The 28 windmills, each 20,000 pounds and well over 20 stories tall, were constructed in December. The developer of the $50 million project, Evergreen Wind Power LLC of Bangor, is counting on having them fully operational by early March. Evergreen, itself, is a subsidiary of UPC Wind Partners of Massachusetts, a six-year-old wind energy company with several dozen projects in various stages of development within the U.S. and Canada.
But tiny Mars Hill is the talk of Maine and beyond just now. Ray Mersereau, the town’s mayor the last 15 years, can’t estimate the number of phone calls that have come from as far as California from those who just want to know more about the industrial-scale project. Some want to talk energy and environmentalism. Others want to know numbers—and what bringing wind power to their locale might mean for their communities, too.
Mersereau explains the project’s impacts from both national and local perspectives.
“We are generating 42 megawatts of power with no pollution,” he says. “We are using no foreign oil, and we are not burning any fossil fuels. We are saving finite resources, and we are using renewable resources.”
Locally, the financial benefits to the town’s tax base could not be more welcome.

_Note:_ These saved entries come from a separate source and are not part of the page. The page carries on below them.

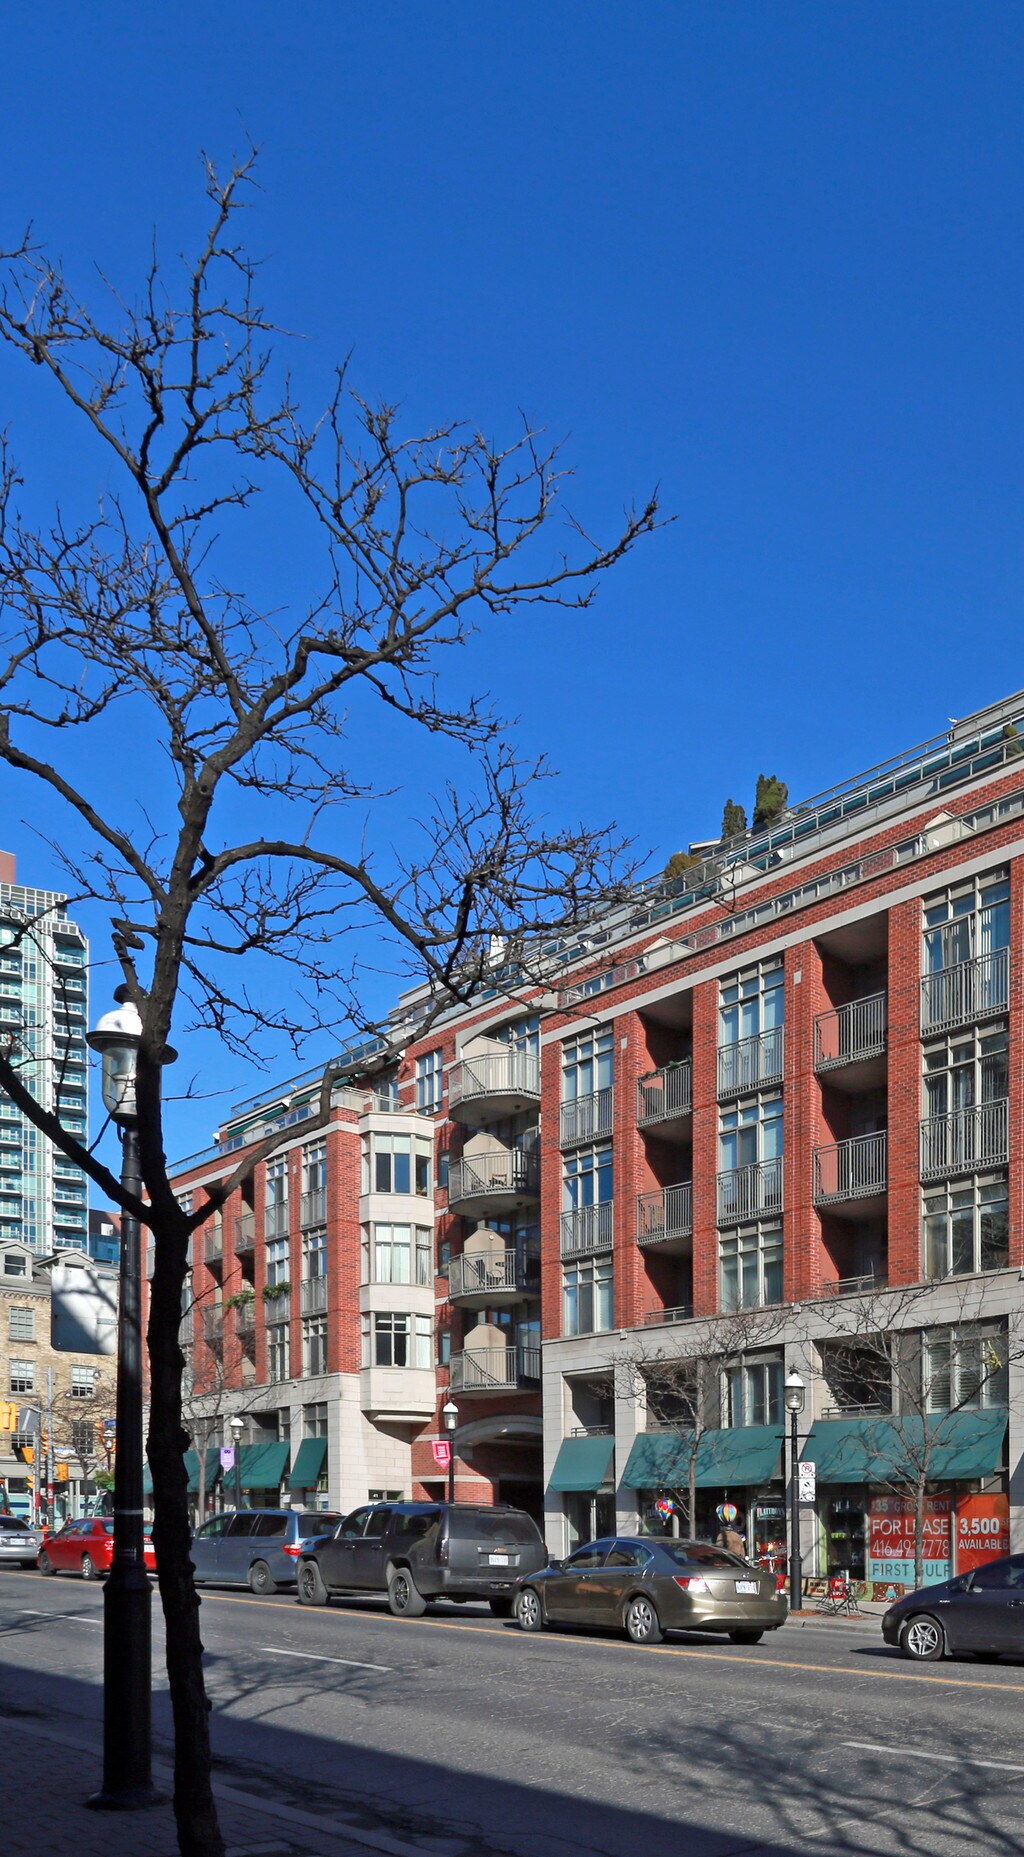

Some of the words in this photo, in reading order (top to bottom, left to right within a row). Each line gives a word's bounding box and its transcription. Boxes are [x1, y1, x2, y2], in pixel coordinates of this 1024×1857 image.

[927, 1500, 950, 1511] RENT
[872, 1519, 902, 1535] FOR
[960, 1517, 1000, 1536] 3,500
[958, 1539, 1009, 1550] AVAILABLE
[872, 1564, 909, 1576] FIRST
[921, 1564, 950, 1576] ULF

The town will receive significant revenues in tax payments from the project, a predetermined $500,000 a year for 20 years. For next year alone, the town’s tax rate will drop from 24 mils per $1,000 of property, to 20 mils. It would have risen to 25 mils, Mersereau notes, without the wind farm’s infusion of tax dollars.

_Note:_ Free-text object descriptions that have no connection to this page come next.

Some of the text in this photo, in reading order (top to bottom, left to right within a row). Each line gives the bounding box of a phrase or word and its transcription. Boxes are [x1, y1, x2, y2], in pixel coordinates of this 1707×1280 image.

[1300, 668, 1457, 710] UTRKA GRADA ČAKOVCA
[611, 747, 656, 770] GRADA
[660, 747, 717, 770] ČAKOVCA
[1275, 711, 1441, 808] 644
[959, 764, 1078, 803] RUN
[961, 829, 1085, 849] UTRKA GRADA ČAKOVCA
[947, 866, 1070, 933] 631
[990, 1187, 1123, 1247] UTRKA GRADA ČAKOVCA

Additionally, Evergreen signed lease agreements with more than a dozen Mars Hill property owners, covering the next 20 years. The total lease payments for those properties are expected to exceed $100,000 per year.

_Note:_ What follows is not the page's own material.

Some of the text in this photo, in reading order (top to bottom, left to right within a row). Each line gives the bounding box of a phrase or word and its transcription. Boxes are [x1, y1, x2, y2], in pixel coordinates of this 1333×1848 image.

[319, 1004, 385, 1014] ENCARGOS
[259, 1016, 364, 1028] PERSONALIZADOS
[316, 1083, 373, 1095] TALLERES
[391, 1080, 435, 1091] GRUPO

It’s not surprising then, that other advocates of wind power are pressing for projects to come to their part of the state. Additional wind farms have been proposed for Redington Township near the Sugarloaf ski area; Kibby Mountain near Coburn Gore and the state’s border with Quebec; northern Aroostook County; and Washington County.
The state of Maine ranks 19th for wind power potential, according to the industry trade group American Wind Energy Association. North Dakota, Texas, and Kansas lead the list of top-20 states for wind power.
Evergreen, the developer, sought out Mars Hill Mountain back in 2002 because it was already the site of access roads, transmission lines, and seven cell phone towers, in addition to the ski area. Furthermore, in the Maine Department of Environmental Protection’s permitting process, the project was determined to present no significant impacts to wildlife or natural resources. The windmills feature the newest style of turbines, which typically do not result in bird mortality issues. Nonetheless, per the request of the Maine Audubon Society, Evergreen has committed to conducting two years of post-construction studies of avian and other wildlife issues.
The real impact, of course, is visual. The windmills loom high from nearly every point in town. They can be seen on a clear day from as far north as Caribou, 50 miles out as the crow flies. Each is enormous—times 28. Assembled in four parts, they involve three stacked support sections standing 262 feet tall at the hub, topped with three 115-foot-long spinning blades.
Mersereau calls their design “tall and graceful,” then adds, “Beauty is in the eye of the beholder.” The windmills’ closest neighbors, the landowners below, may have a predictable problem with their presence, but these days any industrial-scale project has its detractors. “You have to give up something, to get something,” Mersereau says.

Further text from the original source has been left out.